—Rufino, he de reconocer que hemos llegado hasta acá respetando el arquetipo del expedicionario y no pretendo desviarme del territorio de comunicación definido. Pero no logro comprender por qué no seguimos construyendo en esa misma dirección.
—¿A qué te referís, Salvaje? —preguntó Rufino mirándolo fijamente a los ojos—. Justamente es eso lo que estamos haciendo.
—Me refiero a replicar la palabra “expedicionario” en la campaña. No voy a hacerme el creativo, pero me imagino algo como: “El horizonte de la Argentina cuenta con un expedicionario que lo llevará a buen puerto”, no sé, qué sé yo… algo así.
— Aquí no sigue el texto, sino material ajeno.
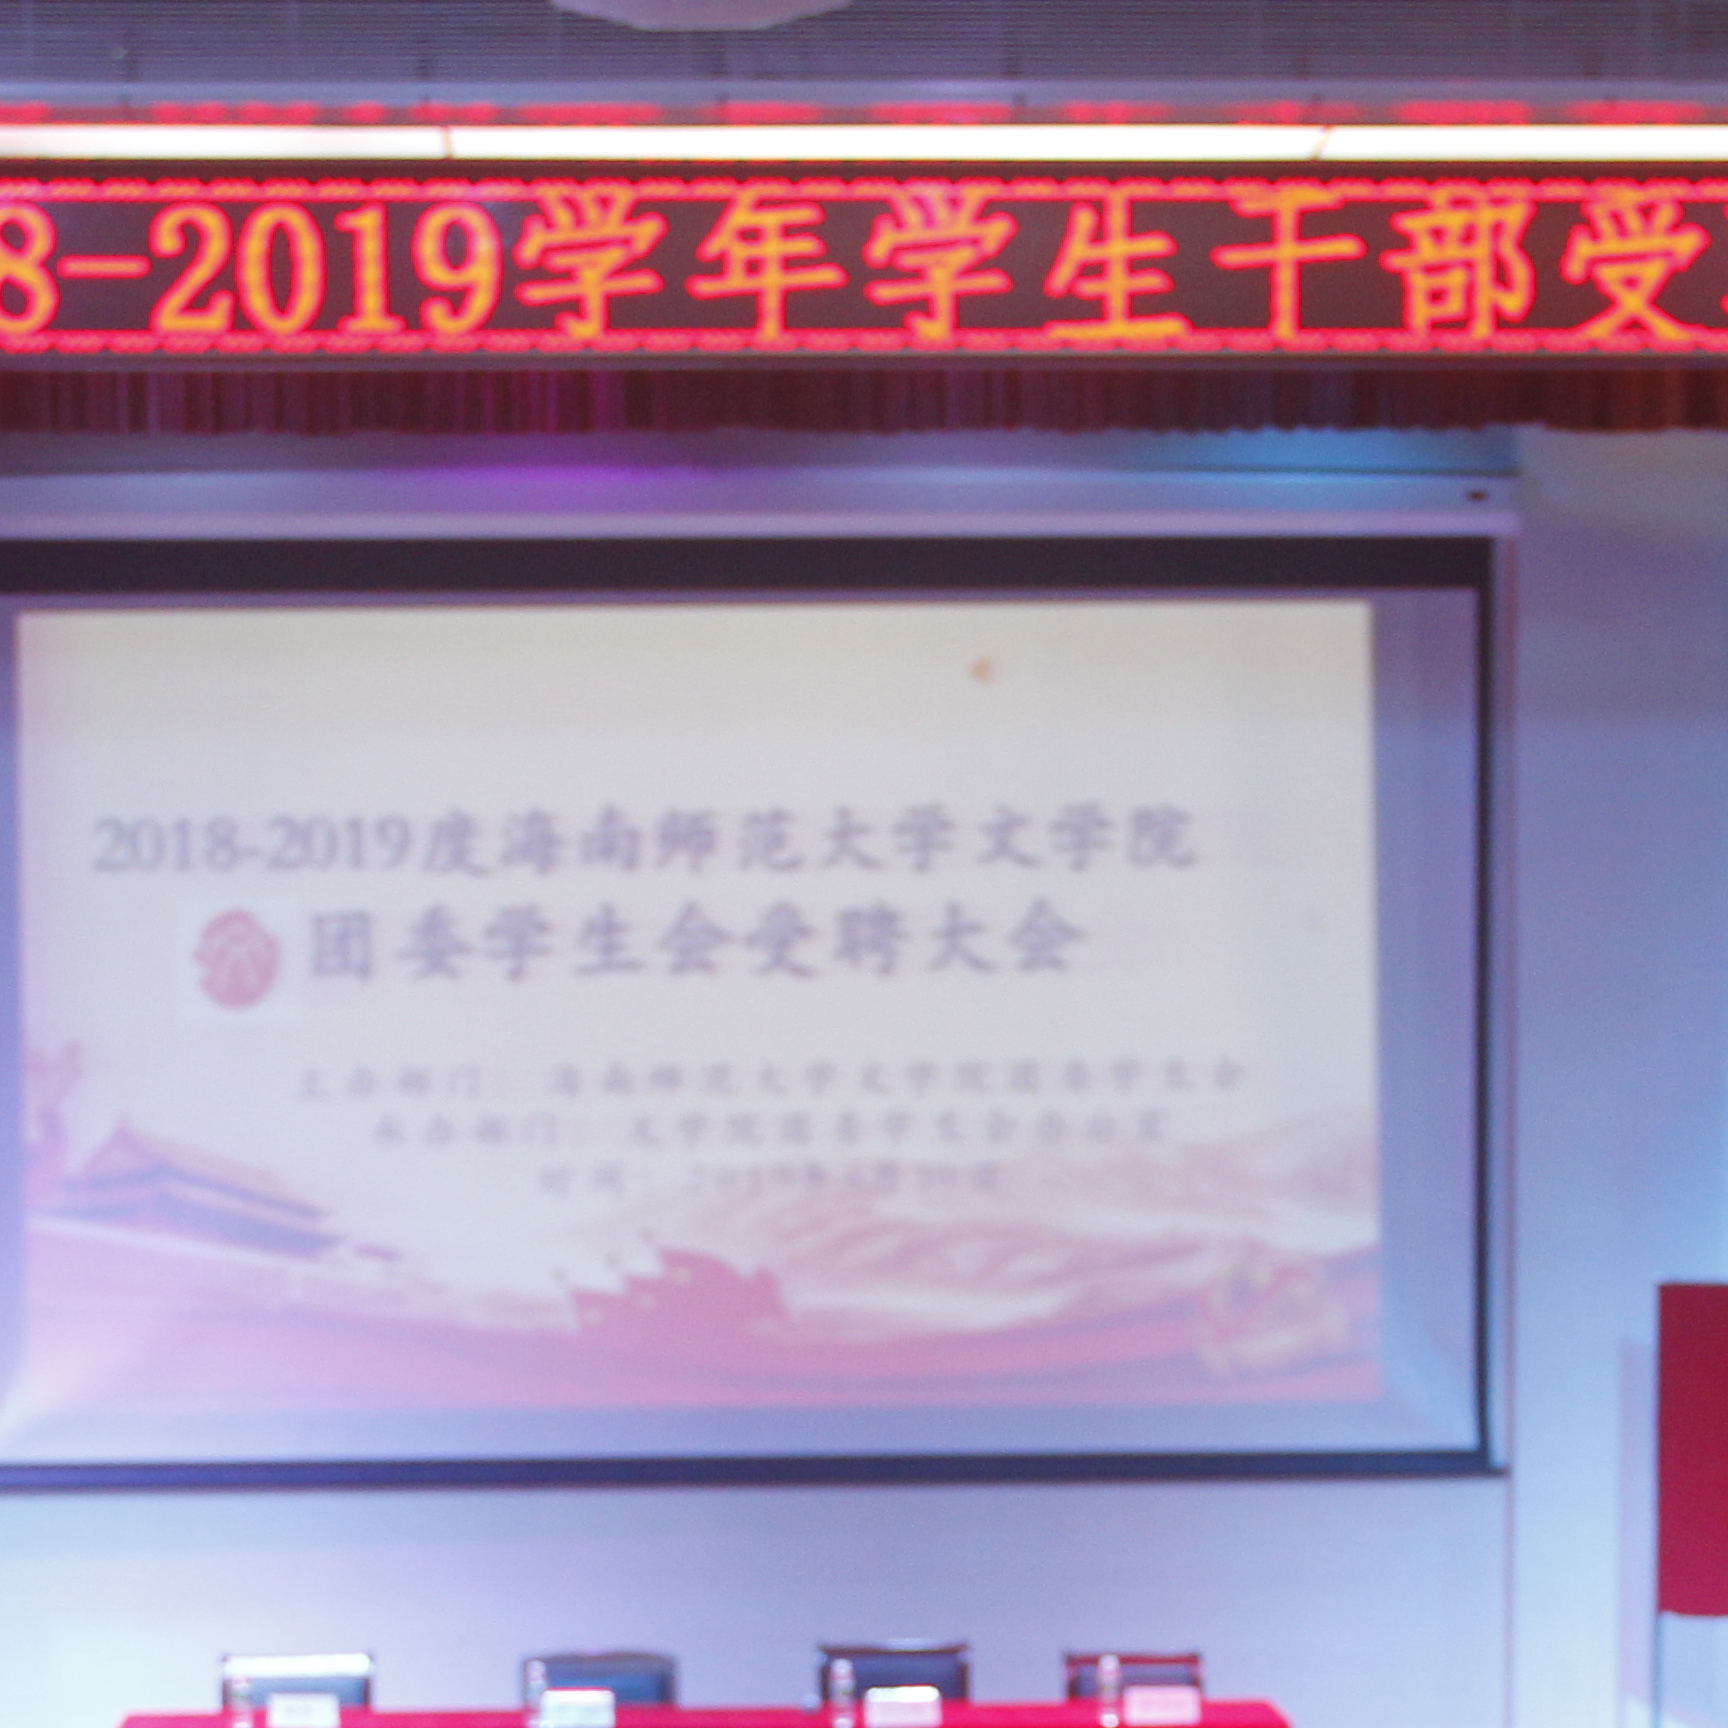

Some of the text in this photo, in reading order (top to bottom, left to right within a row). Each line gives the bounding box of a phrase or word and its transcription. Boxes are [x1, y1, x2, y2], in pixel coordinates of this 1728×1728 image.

[310, 898, 1090, 980] 团委学生会受聘大会
—Menos mal que le picó el bichito de la política y no el de la creatividad —murmuró el gemelo Salvador que no mascaba chicle a su hermano, con la frialdad de una piñata sin caramelos.
—Hay dos palabras prohibidas en nuestra campaña arquetípica —continuó Rufino—, y son justamente: “aventurero” y “expedicionario”. Por todos los medios debemos evitar llevar al terreno consciente lo que debe mantenerse en el inconsciente. En años de comunicación, oíme bien, en años de comunicación, no encontrarás una sola adjetivación “inocente” en una campaña de Coca-Cola, ni una sola adjetivación “villana” en una campaña de Harley-Davidson. La clave pasa por decir sin decir, por adjetivar sin adjetivar. Una cosa es el brief y otra muy distinta es la comunicación. Y ahí golpeamos la puerta los creativos para transmitir mensajes que conmuevan, resuenen y de cuando en cuando se conviertan en íconos populares. Vayamos a los hechos. Le hemos recortado cinco puntos a Micaela Dorado y no tiene sentido girar el timón ahora. La gente no tiene una explicación racional que dar, pero se identifican inconscientemente con tu figura. Y no debemos olvidar que todo pasa por mantenernos consistentes con el tono de comunicación cosmopolita, independiente, bon vivant, trotamundos, inquieto. El concepto “declará tu independencia” apuntala todo lo que la gente pretende ser, pero no se anima a ser. La libertad no se refiere únicamente a la libertad física, sino también a la emocional, psíquica y espiritual.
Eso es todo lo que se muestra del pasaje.